Start of Records to use

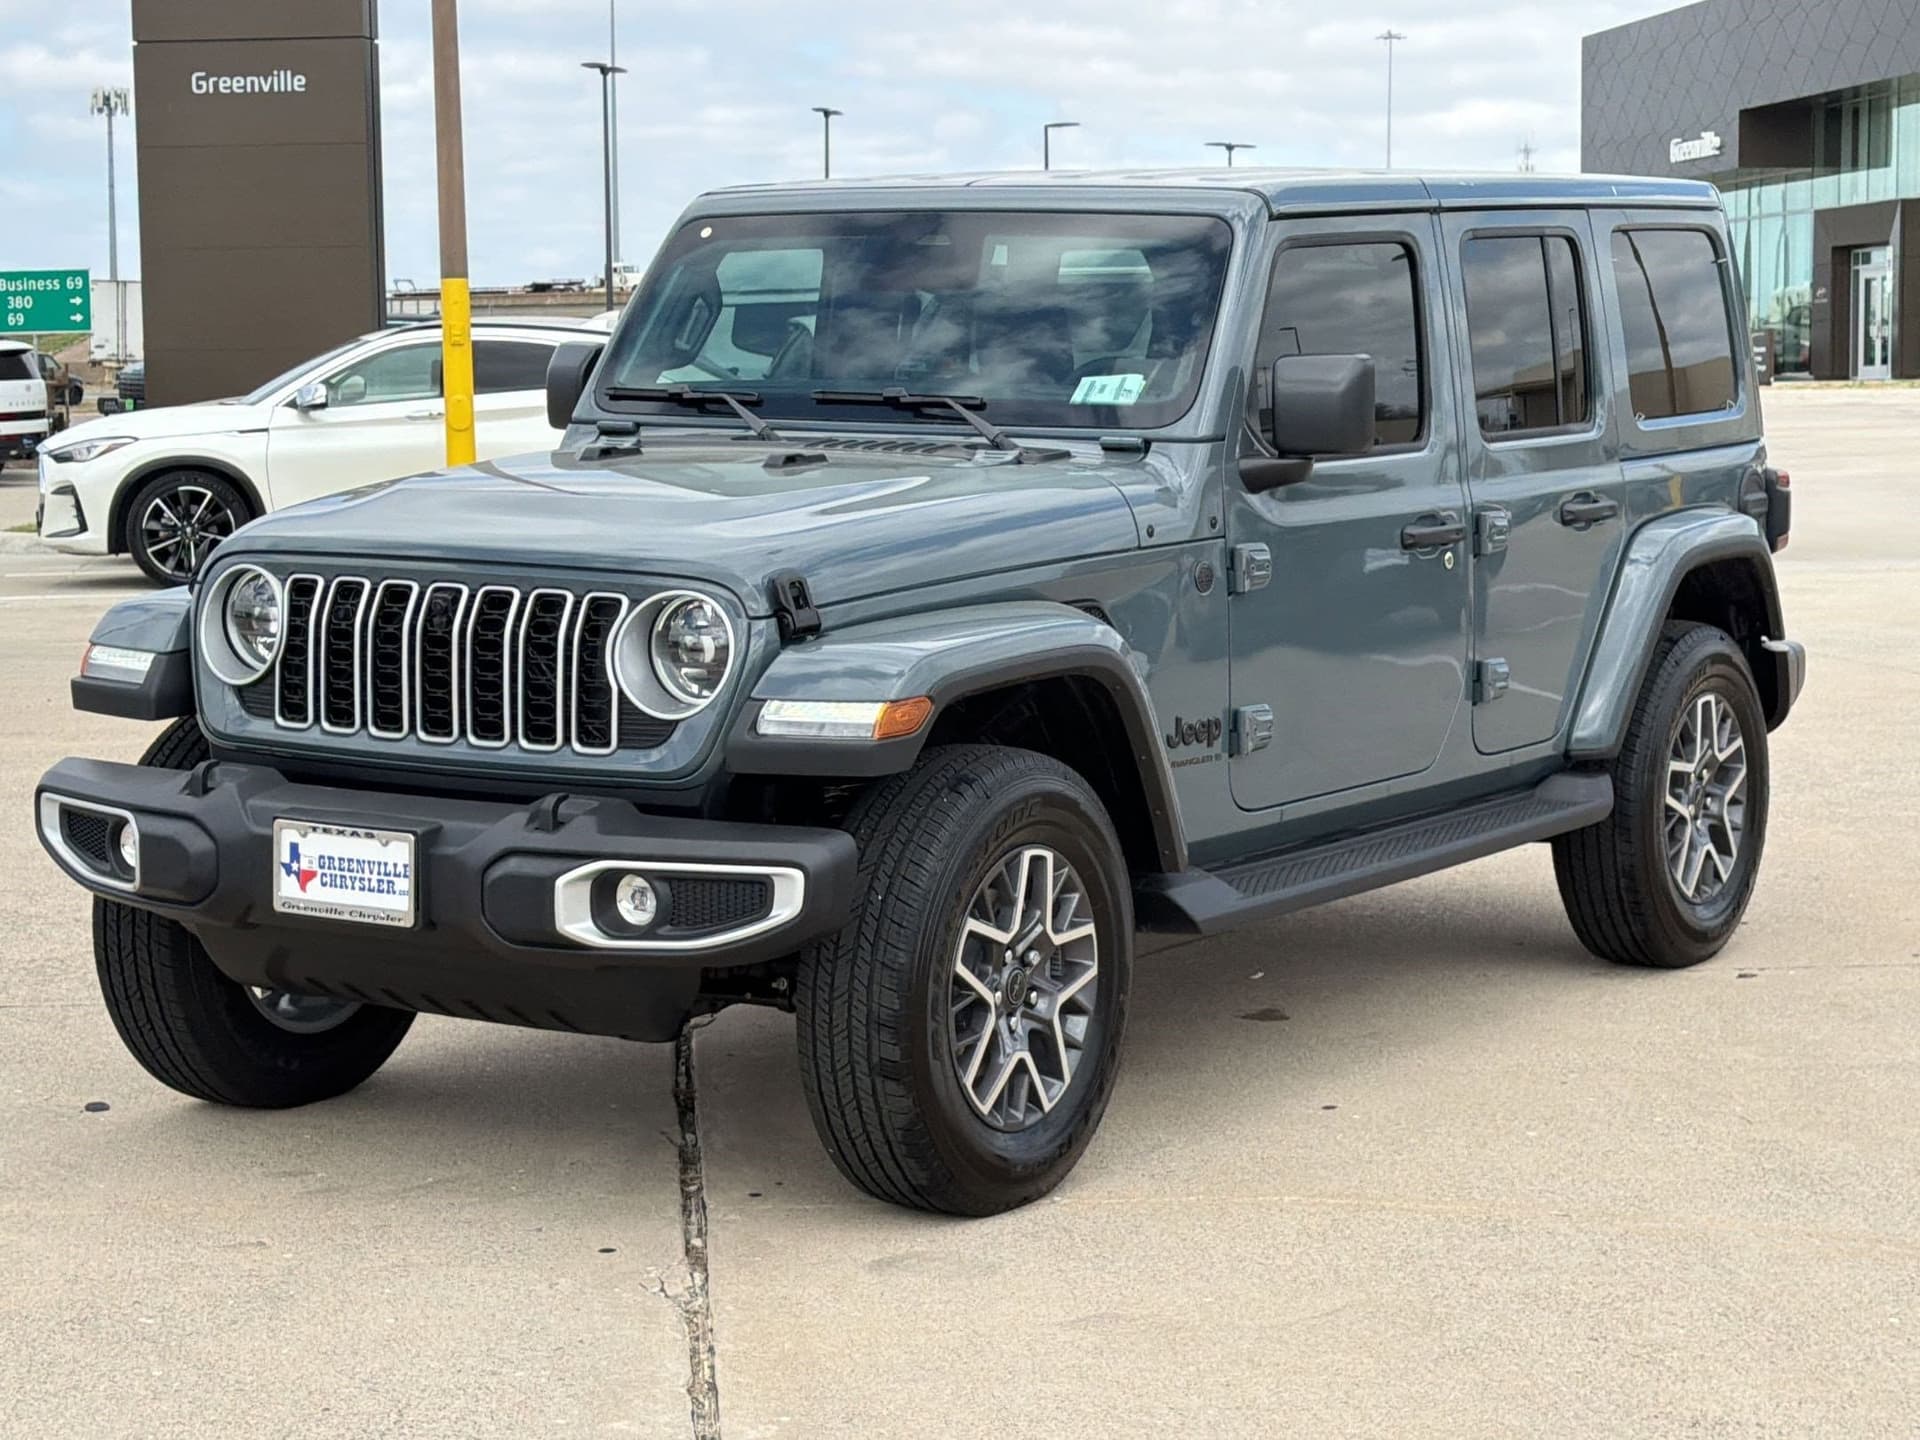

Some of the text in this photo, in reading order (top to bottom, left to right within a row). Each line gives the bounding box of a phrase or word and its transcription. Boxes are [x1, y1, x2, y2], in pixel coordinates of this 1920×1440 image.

[191, 69, 306, 94] Greenville
[0, 276, 83, 292] Business 69
[7, 295, 33, 309] 380
[7, 312, 24, 326] 69
[1166, 715, 1221, 749] Jeep
[309, 825, 376, 839] TEXAS
[318, 854, 409, 878] GREENVILLE
[320, 872, 396, 895] CHRYSLER
[281, 901, 345, 916] Greenville
[349, 909, 404, 923] Chrysler
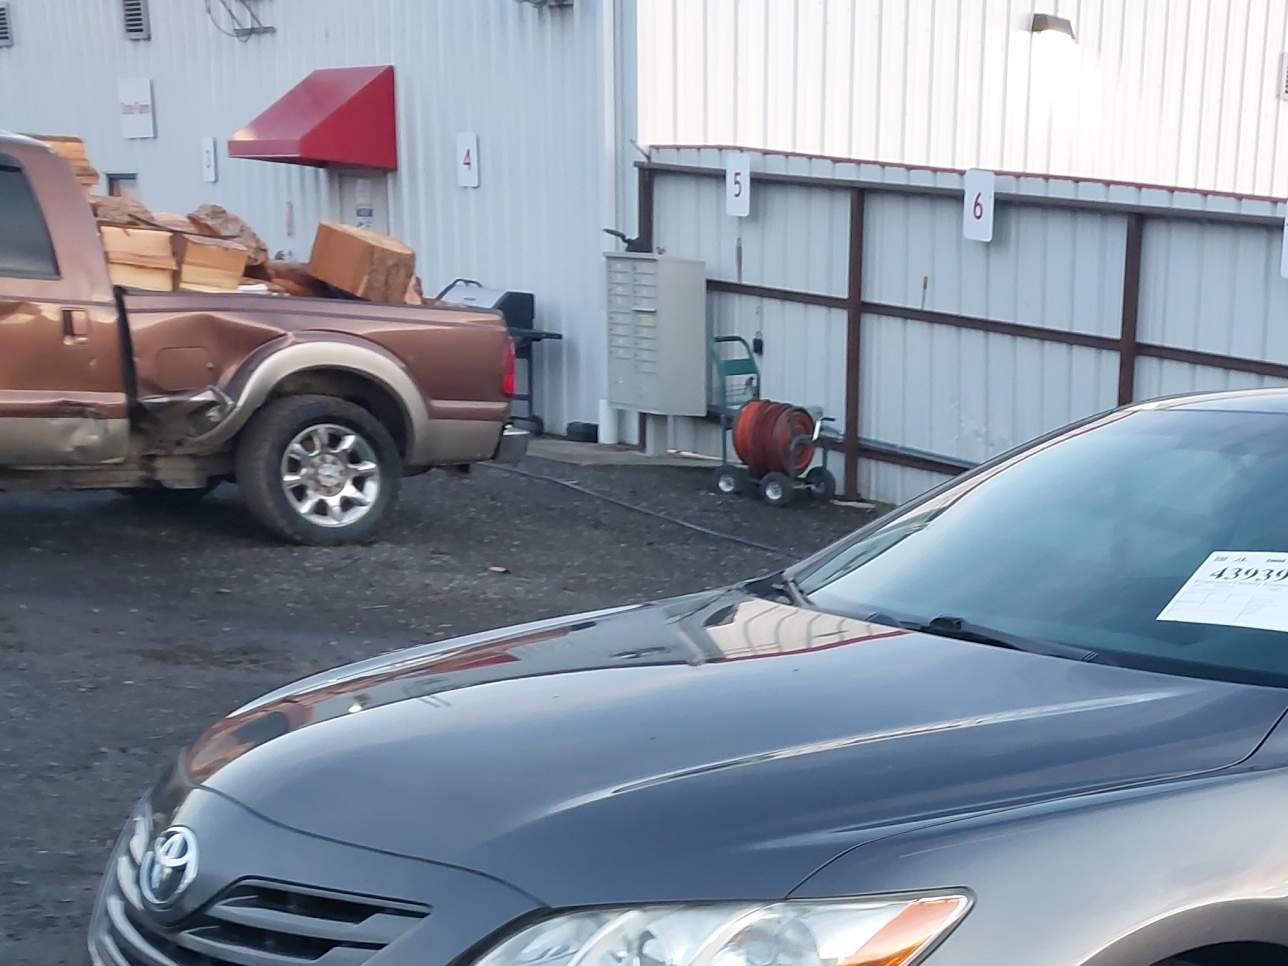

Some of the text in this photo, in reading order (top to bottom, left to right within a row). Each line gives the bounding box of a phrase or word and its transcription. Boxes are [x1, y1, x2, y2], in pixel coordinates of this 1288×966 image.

[463, 148, 471, 171] 4
[733, 172, 742, 198] 5
[973, 191, 983, 220] 6

End of Records to use

#### [Work to complete]
Go through the records and repeat each one exactly, skipping anything that is a picture.

#### [Worked solution]
Some of the text in this photo, in reading order (top to bottom, left to right within a row). Each line gives the bounding box of a phrase or word and its transcription. Boxes are [x1, y1, x2, y2], in pixel coordinates of this 1920×1440 image.

[191, 69, 306, 94] Greenville
[0, 276, 83, 292] Business 69
[7, 295, 33, 309] 380
[7, 312, 24, 326] 69
[1166, 715, 1221, 749] Jeep
[309, 825, 376, 839] TEXAS
[318, 854, 409, 878] GREENVILLE
[320, 872, 396, 895] CHRYSLER
[281, 901, 345, 916] Greenville
[349, 909, 404, 923] Chrysler

Some of the text in this photo, in reading order (top to bottom, left to right within a row). Each line gives the bounding box of a phrase or word and its transcription. Boxes are [x1, y1, x2, y2], in pixel coordinates of this 1288×966 image.

[463, 148, 471, 171] 4
[733, 172, 742, 198] 5
[973, 191, 983, 220] 6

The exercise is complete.